The Iranian Uprising and the Cycles of Protest
Iran’s theocratic regime has been rocked over the past three months by the strongest protest movement the country has experienced since the 1979 Islamic Revolution. The death of Mahsa Amini, 22, while in the custody of the “morality police” sparked the uprising. And it has been women-led. Unlike previous protest movements in Iran, it rejects the idea of reforming the Iranian government and instead calls for its overthrow.
How should anti-imperialists in the West respond to what is happening in Iran? How can they be in solidarity with the protesters’ demand for greater freedoms while understanding that protest movements like this one can be hijacked by those who would increase the chances of war and Western intervention in Iran?
The Indypendent’s Linda Martín Alcoff spoke with Nassim Noroozi, a guest lecturer at McGill University and Concordia University in Montreal. Noroozi’s work focuses on ethics of resistance in today’s neo-colonial context and the modes of mainstream perceptions of the Iranian opposition.
What do you think inspired the recent protest movement in Iran?

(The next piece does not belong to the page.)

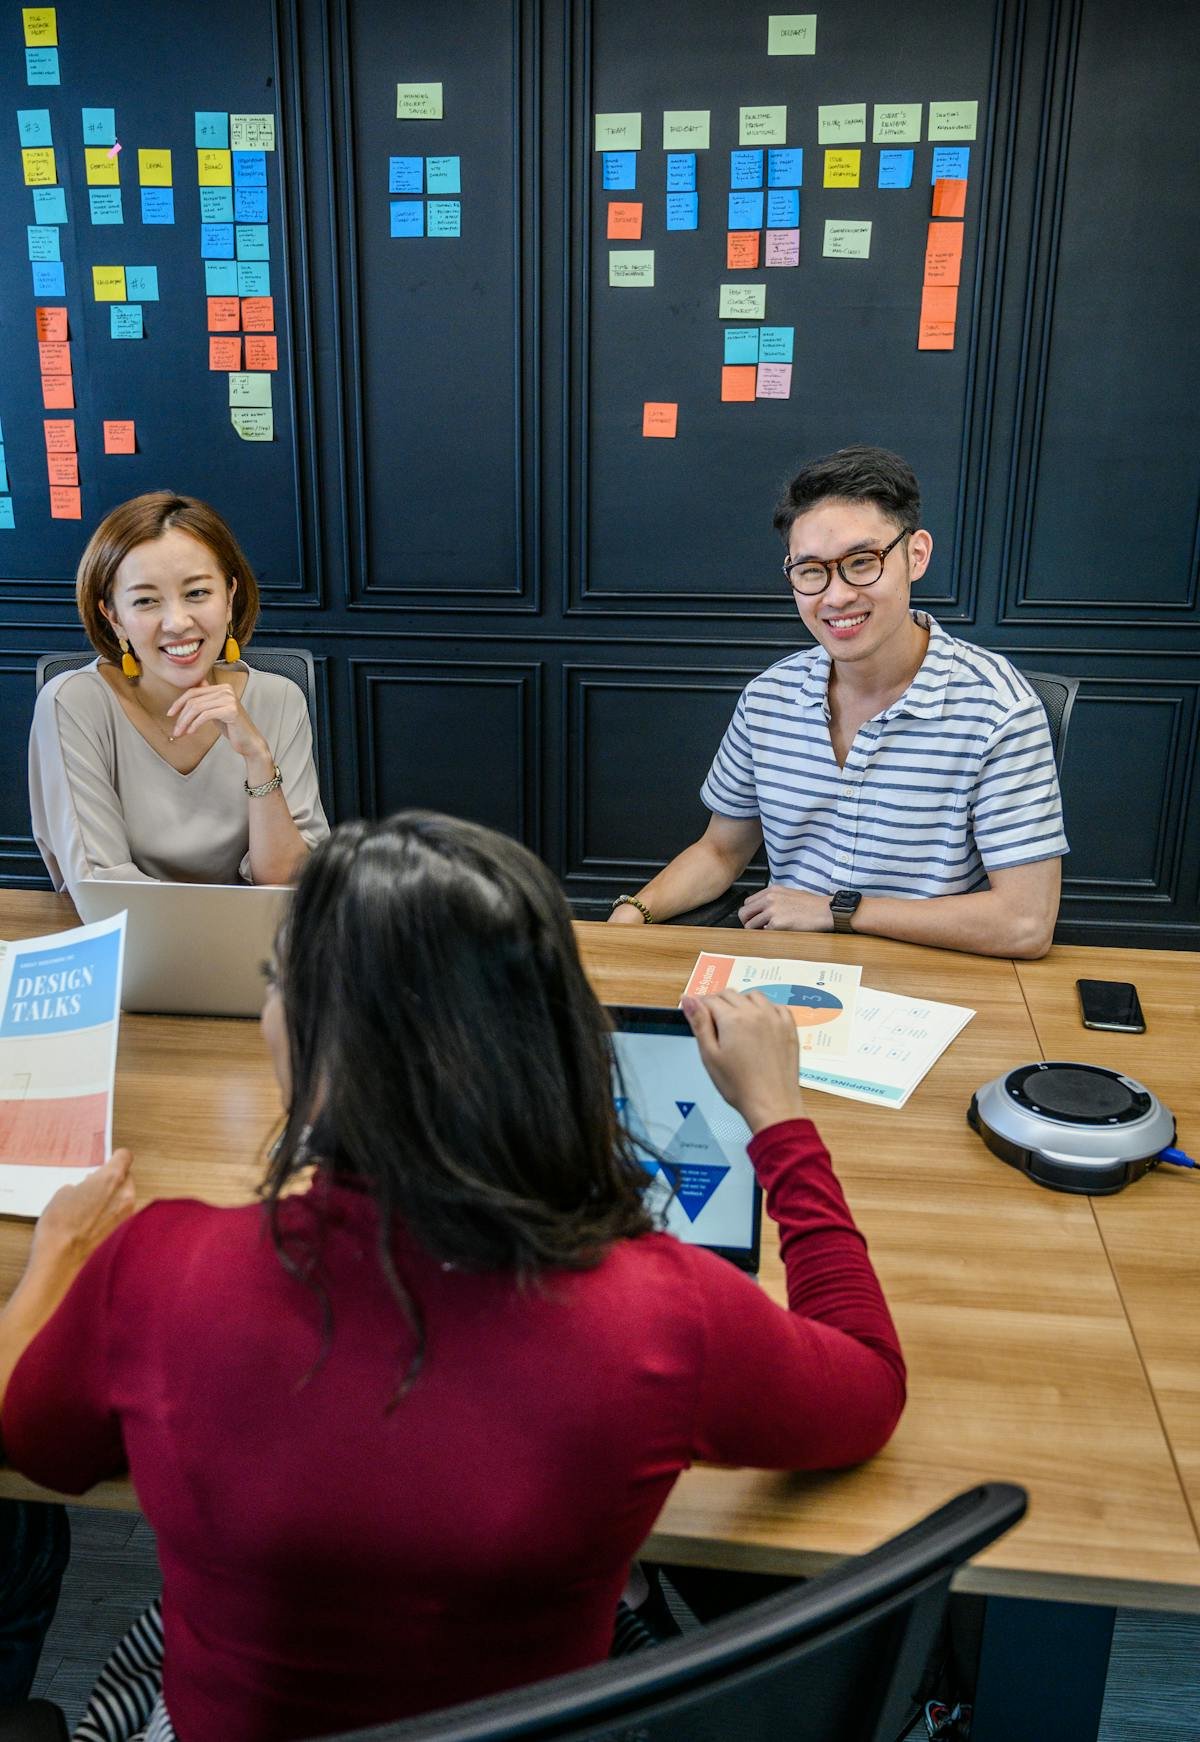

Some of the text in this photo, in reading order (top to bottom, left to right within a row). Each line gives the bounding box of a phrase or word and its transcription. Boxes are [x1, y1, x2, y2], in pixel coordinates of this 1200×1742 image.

Iranians are not alien to protesting in the past decades, and dissent against the Islamic Republic and its violent episodes is probably as old as the government itself. Sanctions, inflation, the withdrawal from the nuclear deal by Trump and the downing of the Ukranian airplane in 2020 led to protests and some were brutally suppressed, further deepening the deep-seated anger and resentment against the government.
But a timeline might help to situate the recent uprising which was originally against the morality police. The death of Mahsa Amini was the third incident that happened with the police in a rather short period of time. The morality police are in charge of ensuring that “Islamic” attire, conventions and dress codes are followed and they use police vans to capture those who do not have the proper attire. This is not a new system of policing and did not start with the Islamic revolution, although it did become more systemic after it. We have poems about it at least from seven centuries ago. Hafez, the great 14th century Iranian thinker and poet, presented sarcastic interpretations of their role and taunted the obsequious and contradictory character of these morality officers. But focusing on the more recent time span will help us situate the movement in the current global context.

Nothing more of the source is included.